No nos gusta el silencio. Ni un poquito. Cada vez que pretende instalarse en nuestras vidas, lo sacamos a empujones hasta ponerlo allá, bien lejos, donde ya no podamos escucharlo.

Prendemos la tele, ponemos música, tarareamos alguna canción… lo que sea para ahuyentarlo. Lo que haga falta para que no se quede acá, con nosotros, y termine envolviéndonos con sus depresivas sábanas.

No nos gusta el silencio. Ni un poquito.

Pero ahí está, esperándonos para inundar nuestras vidas cuando llegamos a casa y las luces están apagadas. Cuando nadie nos sonríe un “hola” al momento de traspasar la puerta. Cuando no hay aroma a cena cocinándose en manos de nuestra pareja, ni ruido de la tele encendida mientras alguna de nuestras hijas mira “Educando a Nina” o del equipo de música mientras otra escucha a los Guns N’ Roses a todo volumen.
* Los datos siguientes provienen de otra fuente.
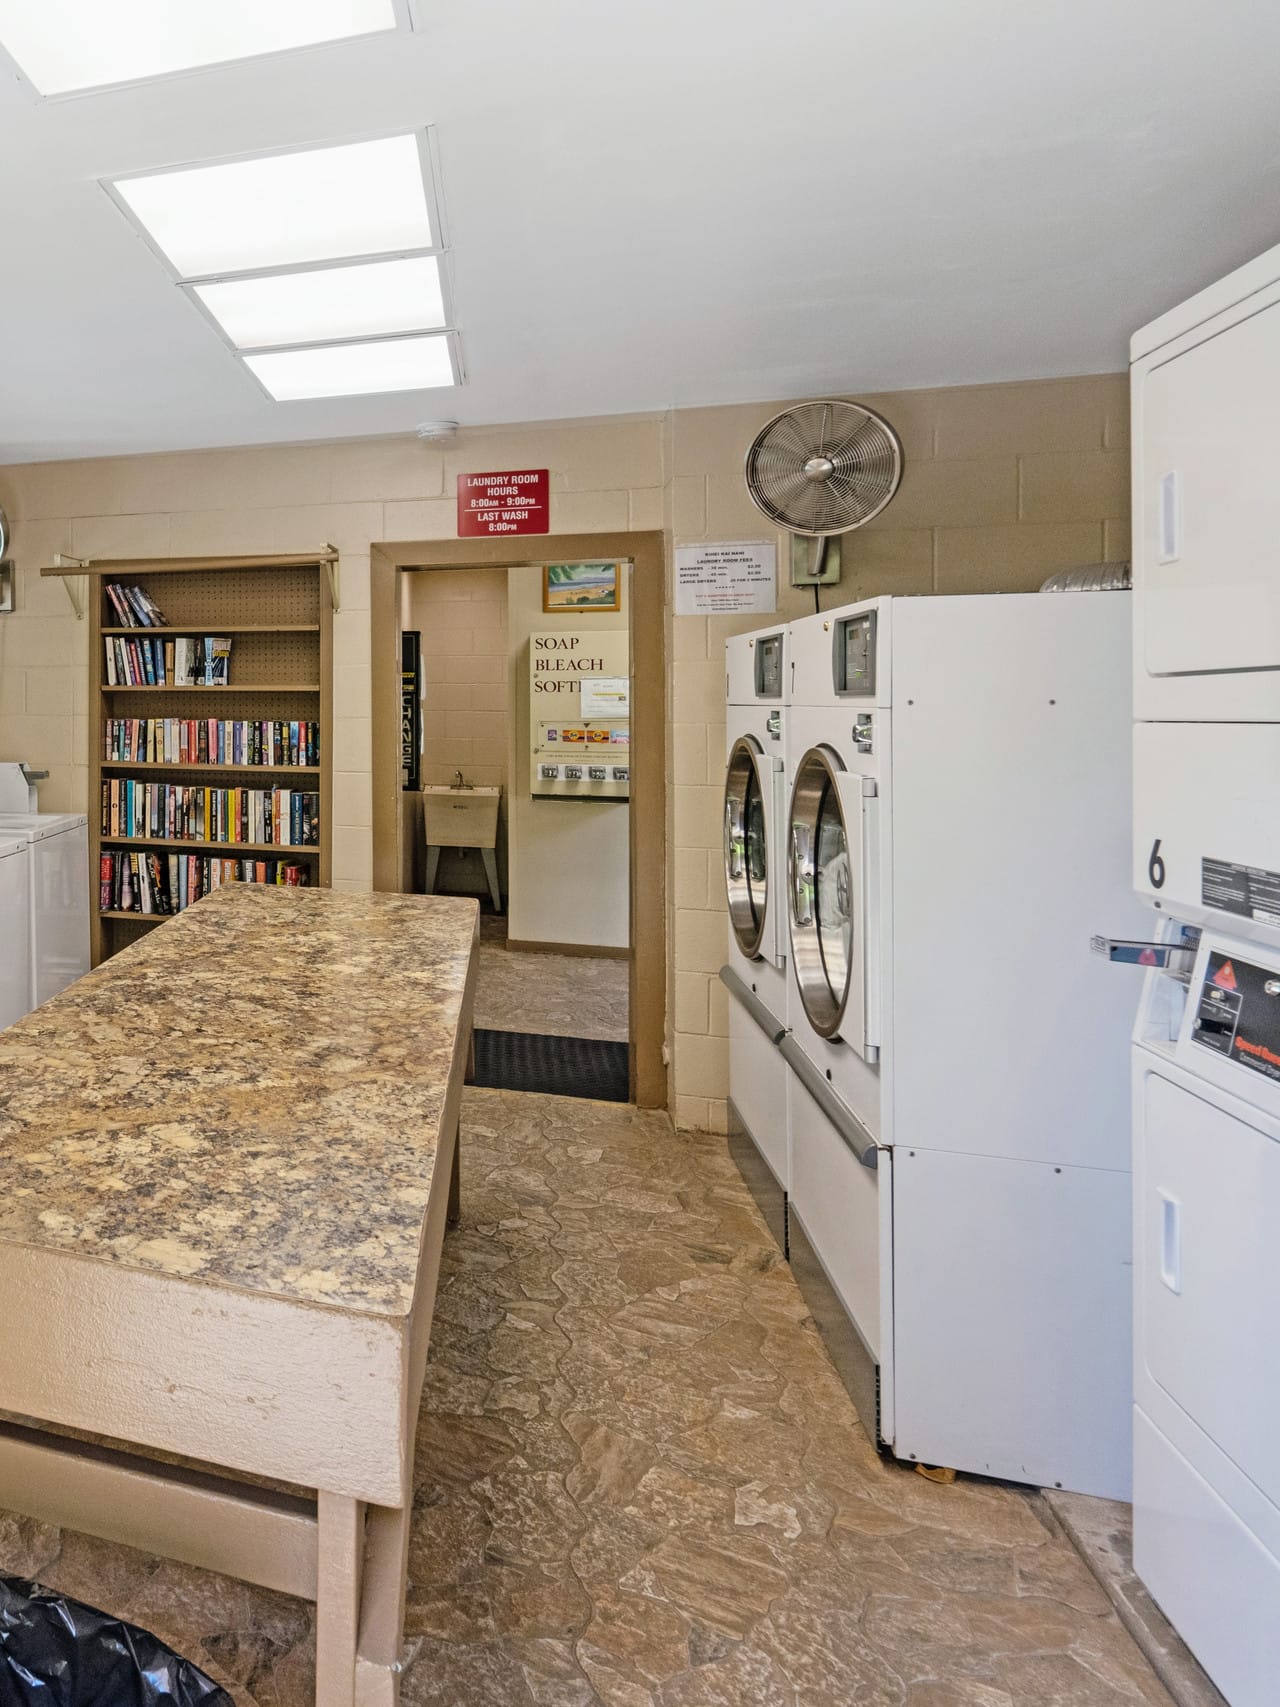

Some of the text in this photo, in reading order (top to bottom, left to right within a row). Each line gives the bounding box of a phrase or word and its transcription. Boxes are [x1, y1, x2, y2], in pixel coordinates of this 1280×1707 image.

[468, 474, 538, 486] LAUNDRY ROOM
[488, 486, 518, 496] HOURS
[471, 499, 499, 508] 8:00AM
[506, 497, 536, 506] 9:00PM
[478, 511, 528, 522] LAST WASH
[488, 522, 516, 531] 8:00PM
[535, 638, 580, 650] SOAP
[535, 659, 603, 672] BLEACH
[1149, 839, 1165, 888] 6
Ahí está. Inmóvil, oscuro, agazapado en una amenaza que nunca se cumple, pero que se mantiene ahí, angustiante.

Tiene tal poder que le da sonoridad a cada click de las lámparas que vamos encendiendo, convierte a la cafetera en un géiser erupcionando, transforma al sonido del corcho del vino que destapás en un sordo y ahogado disparo.

El torrente de la cascada de vino cayendo en la copa, el soplido del gas de la cocina… Hasta el fósforo que usamos para encender la hornalla resuena en ecos que se pierden en la oscuridad de ese silencio y, paradójicamente, lo aumentan, lo hacen más profundo.

Quizá por eso, antes de que se instale en nosotros la nada misma y nos consuma desde adentro, prendemos la tele con el único fin de que haga ruido. O ponemos música a la que no le prestamos ni la más mínima atención, porque su función no es ser disfrutada; su tarea se reduce a expulsar lo más lejos posible a ese monstruo que amenaza abrazarnos hasta asfixiarnos.

El silencio es tres puntos suspensivos que no tienen párrafo alguno antes ni después, es dar play a una lista de Spotify sin temas, es un libro con sus hojas en blanco. Es el vacío, la nada, la muerte misma en su forma más sutil…

A veces llego a mi casa y cuando escucho ese profundo silencio, me zambullo en ese mar de nada sin pensarlo. Voy encendiendo las tenues luces que le dan a los ladrillos una calidez casi humana y comienzo a disfrutar del paseo que dan mis ojos, que tienen la costumbre de detenerse y mirar para adentro en cada rincón que se ilumina al compás del sonoro click de la lámpara que allí habita.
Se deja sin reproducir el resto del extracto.